An der Stamford Bridge herrscht Freude. Die Blues hoffen mit neuen Stars auf neue Titel.
Premier League

Londoner Fußballklub als Machtinstrument der russischen Politik

Der russische Oligarch und Chelsea-Eigentümer Roman Abramowitsch ist seit zwei Jahren nicht mehr nach England gereist. Das heizt vor allem an der Stamford Bridge, bei Chelsea FC, die Gerüchteküche an. Dabei hat der Klub als Einziger in der Premier League gerade über 200 Millionen Euro für neue Spieler ausgegeben.

Nach dem frühen und doch deutlichen Champions-League-Aus im Achtelfinale gegen den FC Bayern München will der FC Chelsea in der kommenden Saison wieder angreifen. Mit Timo Werner, der für 53 Millionen Euro von RB Leipzig kam, Ben Chilwell (für 50,2 Millionen Euro von Leicester City) und Hakim Ziyech (40 Millionen Euro von Ajax Amsterdam) sowie Kai Havertz (Leverkusen, bis zu 100 Mio. Euro Ablöse) haben die Blues bereits Hochkaräter verpflichtet – und dafür, in Zeiten wie diesen ist das eher auffällig, sehr tief in die Tasche gegriffen.

Seitdem der russische Oligarch Roman Abramowitsch den Klub 2003 übernommen hat, investierte er bereits weit mehr als eine Milliarde Pfund. Die Investitionen machten sich an der Stamford Bridge durchaus bezahlt: 2012 gewannen die Blues die Champions League, 2013 und 2019 die Europa League. Fünf Meisterschaften (2005, 2006, 2010, 2015, 2017) und FA-Cup-Siege zeigen, wie gut gespielt worden ist. Für Abramowitsch, der, wie so viele Oligarchen, durch die Privatisierung von Staatskonzernen nach dem Zerfall der Sowjetunion zum Milliardär wurde, war der Klub also doch nicht bloß ein Souvenir. Sondern das Ticket in die Londoner High Society.

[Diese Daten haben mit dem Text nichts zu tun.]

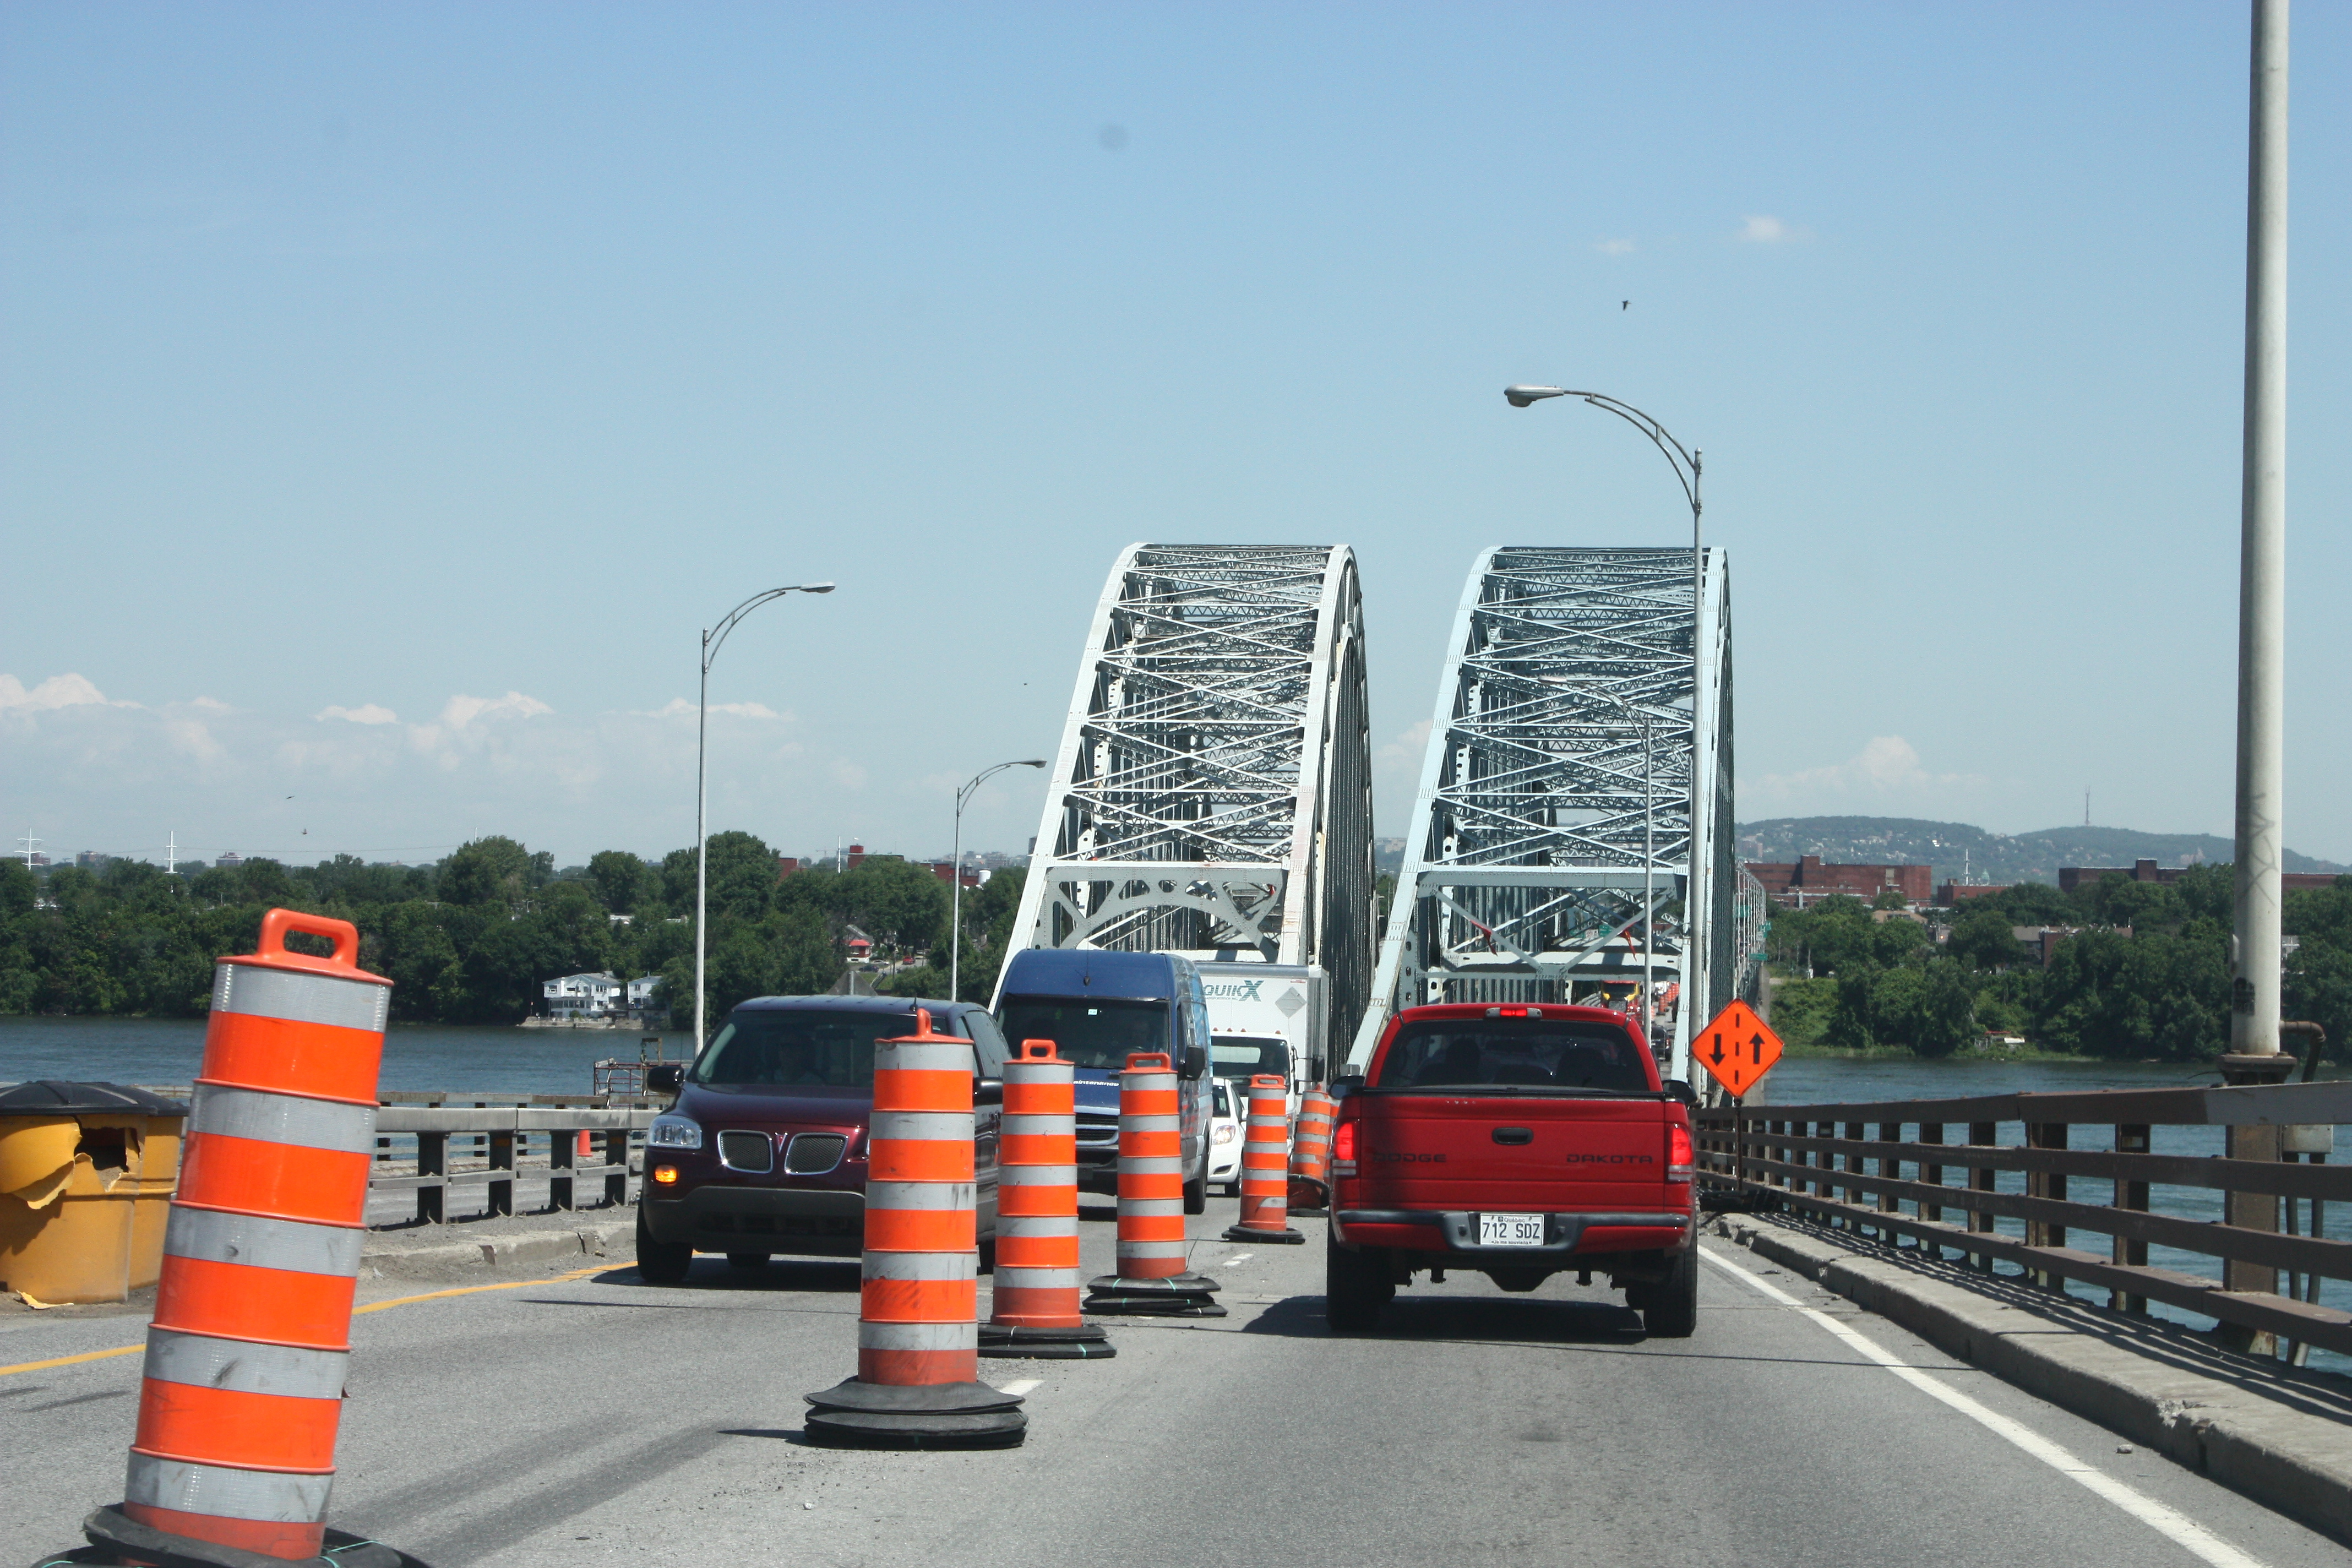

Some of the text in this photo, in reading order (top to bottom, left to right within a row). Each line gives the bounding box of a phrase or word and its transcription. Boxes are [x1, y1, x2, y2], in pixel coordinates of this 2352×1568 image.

[1373, 1152, 1447, 1163] DODGE
[1566, 1153, 1653, 1164] DAKOTA
[1482, 1222, 1540, 1239] 712 SDZ

Visum verweigert? Der als medienscheu geltende Mäzen hat öffentliche Auftritte meist gemieden. Die Geschäfte führt seit Jahren Marina Granowskaja, eine eisern auftretende Businesswoman, die lukrative Sponsorendeals an Land zog und bei Vertragsverhandlungen vor großen Namen keine Scheu hat oder zeigt. Egal ob Mourinho, Sarri oder Rudi Völler, der den Transfer von Kai Havertz von Leverkusen nach London nur durchwinken musste. Doch um Abramowitsch ist es in der letzten Zeit seltsam ruhig geworden. Und das befeuert die Gerüchteküche.

Nachdem die britischen Behörden den Antrag auf Verlängerung seines Visums hinausgezögert hatten, erhielt er im Mai 2018 die israelische Staatsbürgerschaft. Danach wurde er an der Stamford Bridge nicht mehr gesehen. Seitdem rätselt sogar die englische „Yellow Press“, die bei ihren Recherchen eher nicht zimperlich ist. Haben die britischen Behörden Abramowitsch gar das Visum verweigert? Steht die Ausreise im Zusammenhang mit der Skripal-Affäre?

Jahrelang war „Londongrad“ ein sicherer Hafen für russische Oligarchen. Milliarden flossen in Immobilien, die Baubranche boomte. Doch nachdem der Ex-Agent Sergej Skripal und seine Tochter Yulia in Salisbury auf offener Straße (wie Oppositionsführer Alexej Nawalny) mit dem Nervengas Nowitschok vergiftet wurden, herrscht zwischen London und Moskau Eiszeit. In der russischen Community wird man nervös. Hat der Oligarch aus Angst vor Sanktionen die Flucht ergriffen?